We plan to shorten Section 4.2 (Parametric CAPCE estimator), as suggested by Reviewer H3y3 since the parametric estimator in Section 4.2 is constructed in a similar way as the sieve estimator in Section 4.1, to just focus on key differences. The saved space will be used to add more explanations to help the readers better understand the paper. Specifically, to address your comments, we will make the following edits.

-To address your comments, "For this reason and the point above, the emphasis on the definition and novelty of CAPCE in the paper feels somewhat overstated.", and your question, "What's the benefit of the derivative approach over the dose curve approach? Wouldn't dose curves be more useful in practice?", we will add the following discussion after the definition of CAPCE at Line 90:

``The quantity represented by CAPCE has been implicitly studied in the literature (e.g. Galagate 2016) and it is not tied to the IV analysis. Still most existing works have focused on $\mathbb{E}[Y_x|w]$.  One contribution of this work is showing that under the IV model, CAPCE  is identifiable under a weaker separability assumption than required by $\mathbb{E}[Y_x|w]$. We present theoretical and empirical results to show the usefulness of formally defining and investigating CAPCE and the merits of estimating CAPCE on behalf of  $\mathbb{E}[Y_x|w]$. Granted, given an estimated  $\mathbb{E}[Y_x|w]$, one can compute its derivative to obtain CAPCE, but not the other way around. However, one main interest in practice is often the causal effect from a reference point, e.g., CACE. CAPCE is enough to compute causal effects from a reference point: $\mathbb{E}[Y_{x''}-Y_{x'}|w]=\int_{x'}^{x''}\mathbb{E}[\partial_x Y_{x}|w]dx$.''

-To address your comments regarding Assumption 3.2, we will add your suggested explanation right after Assumption 3.2 at Line 104:

``Assumption 3.2 states that there cannot be any interactions between the unmeasured confounders ($H$) and treatment ($X$) unless they are fully mediated by the observed covariates ($W$).''

-To address your concern about model selection criterion for the S-CAPCE and P-CAPCE, we will add the below sentence in Line 167:

``The model selection in Stage 1 is a standard regression problem, and we presume the models in Stage 1 have been selected appropriately according to standard machine learning methods."

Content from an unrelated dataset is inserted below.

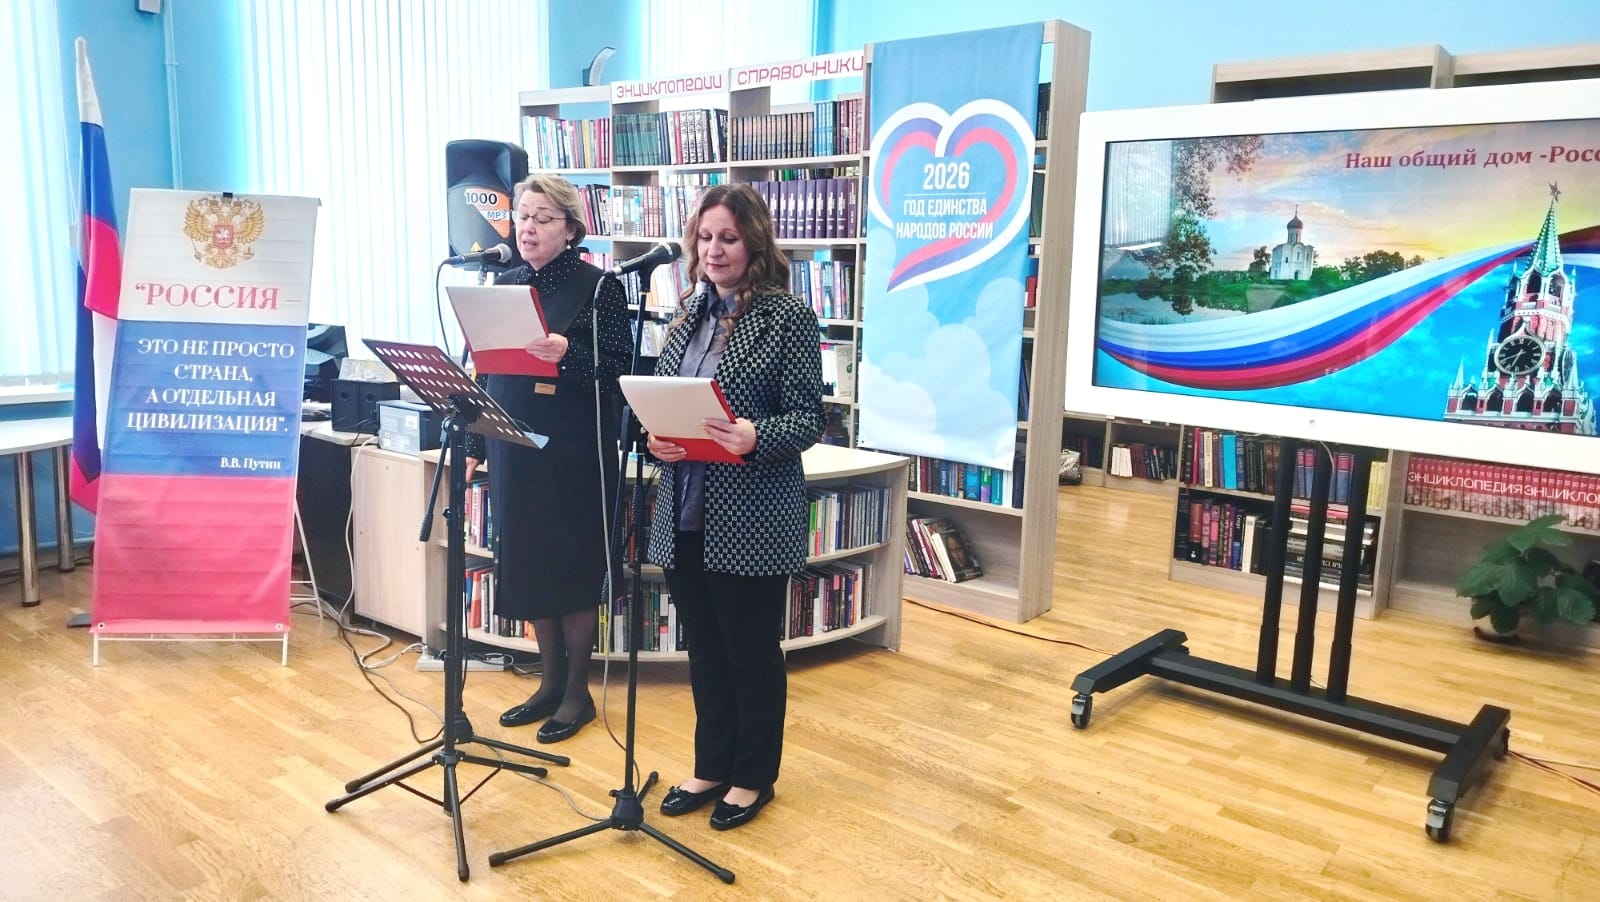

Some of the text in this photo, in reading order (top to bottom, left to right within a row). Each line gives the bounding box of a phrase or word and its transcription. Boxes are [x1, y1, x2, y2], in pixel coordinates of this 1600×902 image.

and the following in Line 245:

``We presume the models in Stage 1 have been selected appropriately."

Please let us know if you think some other parts of the paper are not clear and need explanation. Your comments are appreciated and are helpful for us to improve the paper.

>2. Can we improve the application section and compare to alternative work on this topic?

First, we will add the following sentence in Line 299:

``The use of mother's education as an instrument in this dataset has been subjected to debate in the literature (e.g., Blackburn and Neumark, 1992; Card, 1999; Jeffrey, 2001; Wooldridge, 2010). We followed the first paper using this data (Blackburn and Neumark, 1992) to use mother's education as an instrument."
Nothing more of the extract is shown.